Wide receiver has been a position Illinois hasn’t had strong production at in some time, and while part of that may be due to not having a quarterback who can deliver the ball, 2018 will test the quality of this unit.
Behind starlet Ricky Smalling and battle-tested Mike Dudek, the Illini receivers are relative unknowns. Smalling has had a number of eye-popping catches in camp, while Dudek has been steady.
After that, Sam Mays and Justice Williams have gotten a lot of first-team reps. Each has had his struggle with drops, but both have also come up with some nice catches. With the unit scaling on the shorter side, each receiver brings critical size at 6 feet 3 inches tall. The size gives AJ Bush a lot of help when it comes to connecting on jump balls downfield.
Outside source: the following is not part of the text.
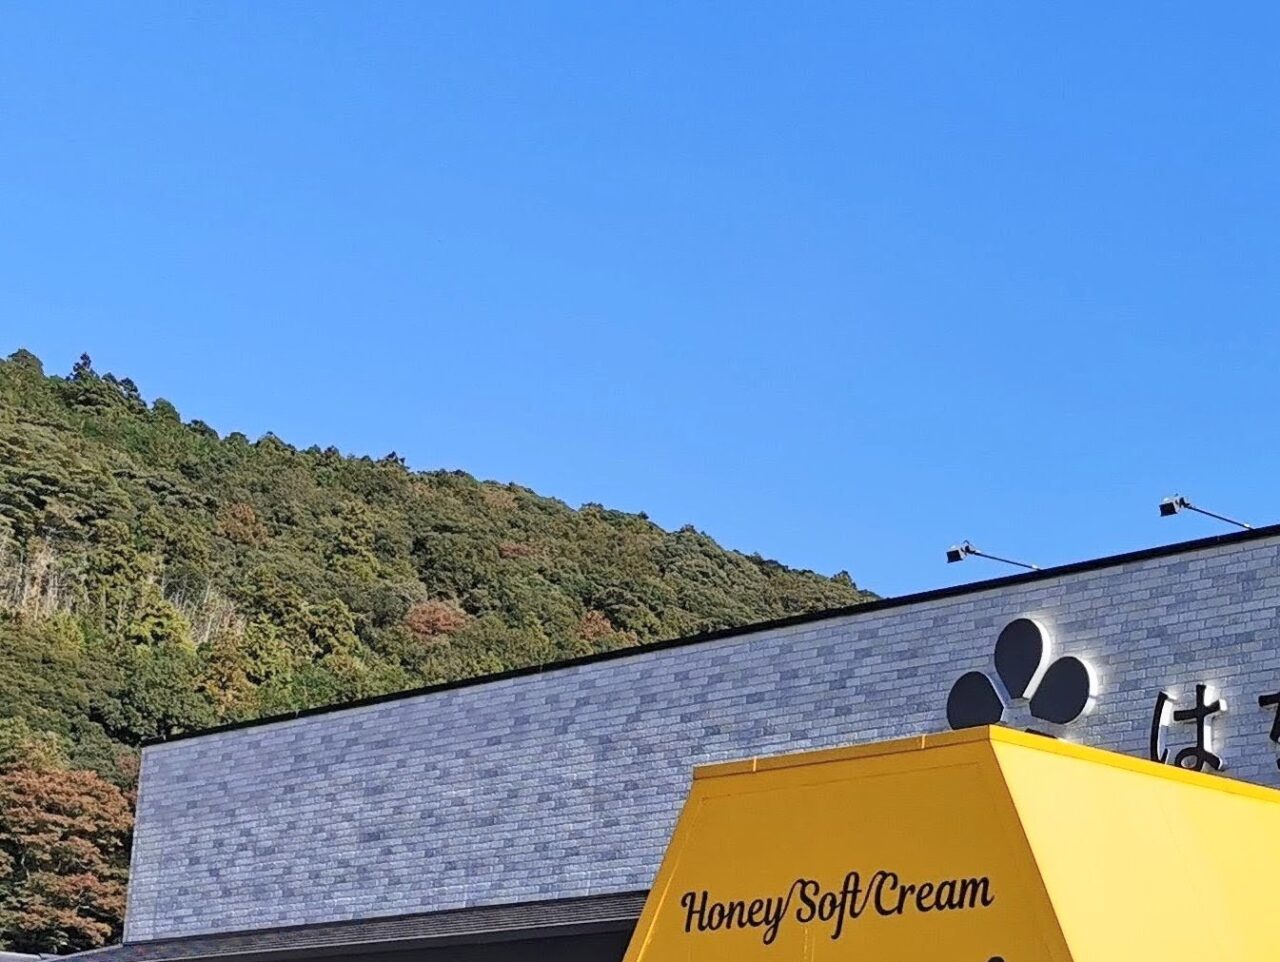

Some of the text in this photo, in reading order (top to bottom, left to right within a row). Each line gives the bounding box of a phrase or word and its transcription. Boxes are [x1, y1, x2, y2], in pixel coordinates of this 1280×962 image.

[681, 870, 995, 945] Honey Soft Cream
Sophomore Carmoni Green has had a lot of meaningful reps and should see some time on the field too.
Fans weigh in as camp closes to public
Saturday was Illinois’ fan appreciation day, so the scrimmage at Memorial Stadium was open to the public and there were autograph sessions after.
Tim Griffin, freshman kicker Caleb Griffin’s uncle, spoke on the effect of having two Danville natives in the program. He said about 45 Danville residents have locked down season tickets in the horseshoe for the next five years to watch their hometown kids play in orange and blue.
“There’s a huge (interest) because of (Caleb Griffin) and Julian Pearl being here,” Griffin said. “There’s a huge influx and game day walk-up. I’m not kidding you when I say that 200 to 400 people, just because those two are on the team, are going to be here.”
Though many students are still yet to arrive on campus, some were in attendance on Saturday, and they liked what they saw from the Illini. They also enjoyed being able to interact with players most people only see on television.
“You see that they really are student athletes and they’re really working their butts off all year,” said Nick Hafner, sophomore in LAS. “It really puts a new perspective on knowing them as people. It makes you want to root for them even more rather than just seeing them on TV.”
Expectations are tempered though, especially with Illinois being one of the youngest teams in the country; over 70 percent of the players on the roster are freshmen or sophomores.
“The vast majority of the team is freshmen and sophomores, so I think people can expect quite a few mistakes from those guys,” said Tyler Grober, a Peoria native. “But I definitely think it will pay off in a few years, they’ll be able to start making bowl games once again.”